§ **WHAT TO PRODUCE**
A complete and exact copy of the entries below is the expected result.
*** AVAILABLE RECORDS
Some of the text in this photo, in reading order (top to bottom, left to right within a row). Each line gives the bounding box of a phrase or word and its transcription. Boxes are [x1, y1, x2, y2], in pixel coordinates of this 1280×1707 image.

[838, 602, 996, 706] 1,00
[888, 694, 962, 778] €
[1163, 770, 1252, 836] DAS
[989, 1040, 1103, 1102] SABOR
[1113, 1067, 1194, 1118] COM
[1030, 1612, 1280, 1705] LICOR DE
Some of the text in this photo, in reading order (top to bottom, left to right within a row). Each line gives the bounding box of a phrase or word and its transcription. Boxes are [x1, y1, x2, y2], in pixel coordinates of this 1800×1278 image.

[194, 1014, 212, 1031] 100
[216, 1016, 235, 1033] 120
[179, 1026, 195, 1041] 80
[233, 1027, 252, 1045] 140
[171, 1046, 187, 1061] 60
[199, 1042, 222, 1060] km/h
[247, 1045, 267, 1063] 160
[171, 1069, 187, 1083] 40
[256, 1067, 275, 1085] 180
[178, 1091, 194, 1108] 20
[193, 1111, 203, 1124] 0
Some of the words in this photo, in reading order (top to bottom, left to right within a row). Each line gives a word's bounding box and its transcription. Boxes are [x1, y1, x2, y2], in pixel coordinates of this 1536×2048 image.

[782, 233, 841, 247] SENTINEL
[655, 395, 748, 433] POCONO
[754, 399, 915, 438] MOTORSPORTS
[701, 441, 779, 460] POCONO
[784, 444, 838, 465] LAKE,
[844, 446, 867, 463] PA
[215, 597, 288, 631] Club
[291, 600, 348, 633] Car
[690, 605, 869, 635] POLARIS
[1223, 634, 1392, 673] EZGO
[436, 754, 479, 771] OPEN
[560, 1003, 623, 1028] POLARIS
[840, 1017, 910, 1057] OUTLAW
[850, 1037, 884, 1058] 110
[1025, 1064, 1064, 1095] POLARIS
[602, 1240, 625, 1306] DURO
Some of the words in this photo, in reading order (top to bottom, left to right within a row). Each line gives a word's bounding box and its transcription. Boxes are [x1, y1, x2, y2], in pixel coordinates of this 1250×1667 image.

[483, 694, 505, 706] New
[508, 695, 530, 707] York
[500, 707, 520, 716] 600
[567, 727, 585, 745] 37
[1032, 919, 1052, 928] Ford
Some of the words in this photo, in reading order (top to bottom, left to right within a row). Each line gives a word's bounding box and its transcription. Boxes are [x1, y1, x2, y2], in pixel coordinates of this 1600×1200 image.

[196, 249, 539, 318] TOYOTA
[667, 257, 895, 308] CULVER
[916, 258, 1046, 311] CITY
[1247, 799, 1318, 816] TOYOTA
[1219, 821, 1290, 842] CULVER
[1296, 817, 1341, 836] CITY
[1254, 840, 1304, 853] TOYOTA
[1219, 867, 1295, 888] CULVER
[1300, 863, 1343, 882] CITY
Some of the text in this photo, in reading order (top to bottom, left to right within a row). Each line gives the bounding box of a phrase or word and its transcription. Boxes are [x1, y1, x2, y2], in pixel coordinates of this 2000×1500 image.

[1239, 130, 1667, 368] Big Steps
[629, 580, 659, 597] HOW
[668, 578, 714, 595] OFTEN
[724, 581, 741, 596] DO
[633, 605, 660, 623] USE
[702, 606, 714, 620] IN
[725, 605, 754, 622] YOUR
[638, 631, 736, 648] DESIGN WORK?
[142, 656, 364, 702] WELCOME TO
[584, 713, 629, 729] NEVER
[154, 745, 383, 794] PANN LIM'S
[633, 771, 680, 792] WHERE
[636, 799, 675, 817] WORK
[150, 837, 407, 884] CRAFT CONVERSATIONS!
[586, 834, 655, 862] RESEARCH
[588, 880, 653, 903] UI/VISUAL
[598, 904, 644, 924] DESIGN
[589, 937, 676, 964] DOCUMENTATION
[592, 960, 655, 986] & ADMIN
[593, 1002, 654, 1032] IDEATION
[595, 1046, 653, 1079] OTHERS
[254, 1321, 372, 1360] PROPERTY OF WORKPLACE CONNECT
******
§ **RESULT OF THE TASK**
Some of the text in this photo, in reading order (top to bottom, left to right within a row). Each line gives the bounding box of a phrase or word and its transcription. Boxes are [x1, y1, x2, y2], in pixel coordinates of this 1280×1707 image.

[838, 602, 996, 706] 1,00
[888, 694, 962, 778] €
[1163, 770, 1252, 836] DAS
[989, 1040, 1103, 1102] SABOR
[1113, 1067, 1194, 1118] COM
[1030, 1612, 1280, 1705] LICOR DE
Some of the text in this photo, in reading order (top to bottom, left to right within a row). Each line gives the bounding box of a phrase or word and its transcription. Boxes are [x1, y1, x2, y2], in pixel coordinates of this 1800×1278 image.

[194, 1014, 212, 1031] 100
[216, 1016, 235, 1033] 120
[179, 1026, 195, 1041] 80
[233, 1027, 252, 1045] 140
[171, 1046, 187, 1061] 60
[199, 1042, 222, 1060] km/h
[247, 1045, 267, 1063] 160
[171, 1069, 187, 1083] 40
[256, 1067, 275, 1085] 180
[178, 1091, 194, 1108] 20
[193, 1111, 203, 1124] 0
Some of the words in this photo, in reading order (top to bottom, left to right within a row). Each line gives a word's bounding box and its transcription. Boxes are [x1, y1, x2, y2], in pixel coordinates of this 1536×2048 image.

[782, 233, 841, 247] SENTINEL
[655, 395, 748, 433] POCONO
[754, 399, 915, 438] MOTORSPORTS
[701, 441, 779, 460] POCONO
[784, 444, 838, 465] LAKE,
[844, 446, 867, 463] PA
[215, 597, 288, 631] Club
[291, 600, 348, 633] Car
[690, 605, 869, 635] POLARIS
[1223, 634, 1392, 673] EZGO
[436, 754, 479, 771] OPEN
[560, 1003, 623, 1028] POLARIS
[840, 1017, 910, 1057] OUTLAW
[850, 1037, 884, 1058] 110
[1025, 1064, 1064, 1095] POLARIS
[602, 1240, 625, 1306] DURO
Some of the words in this photo, in reading order (top to bottom, left to right within a row). Each line gives a word's bounding box and its transcription. Boxes are [x1, y1, x2, y2], in pixel coordinates of this 1250×1667 image.

[483, 694, 505, 706] New
[508, 695, 530, 707] York
[500, 707, 520, 716] 600
[567, 727, 585, 745] 37
[1032, 919, 1052, 928] Ford
Some of the words in this photo, in reading order (top to bottom, left to right within a row). Each line gives a word's bounding box and its transcription. Boxes are [x1, y1, x2, y2], in pixel coordinates of this 1600×1200 image.

[196, 249, 539, 318] TOYOTA
[667, 257, 895, 308] CULVER
[916, 258, 1046, 311] CITY
[1247, 799, 1318, 816] TOYOTA
[1219, 821, 1290, 842] CULVER
[1296, 817, 1341, 836] CITY
[1254, 840, 1304, 853] TOYOTA
[1219, 867, 1295, 888] CULVER
[1300, 863, 1343, 882] CITY
Some of the text in this photo, in reading order (top to bottom, left to right within a row). Each line gives the bounding box of a phrase or word and its transcription. Boxes are [x1, y1, x2, y2], in pixel coordinates of this 2000×1500 image.

[1239, 130, 1667, 368] Big Steps
[629, 580, 659, 597] HOW
[668, 578, 714, 595] OFTEN
[724, 581, 741, 596] DO
[633, 605, 660, 623] USE
[702, 606, 714, 620] IN
[725, 605, 754, 622] YOUR
[638, 631, 736, 648] DESIGN WORK?
[142, 656, 364, 702] WELCOME TO
[584, 713, 629, 729] NEVER
[154, 745, 383, 794] PANN LIM'S
[633, 771, 680, 792] WHERE
[636, 799, 675, 817] WORK
[150, 837, 407, 884] CRAFT CONVERSATIONS!
[586, 834, 655, 862] RESEARCH
[588, 880, 653, 903] UI/VISUAL
[598, 904, 644, 924] DESIGN
[589, 937, 676, 964] DOCUMENTATION
[592, 960, 655, 986] & ADMIN
[593, 1002, 654, 1032] IDEATION
[595, 1046, 653, 1079] OTHERS
[254, 1321, 372, 1360] PROPERTY OF WORKPLACE CONNECT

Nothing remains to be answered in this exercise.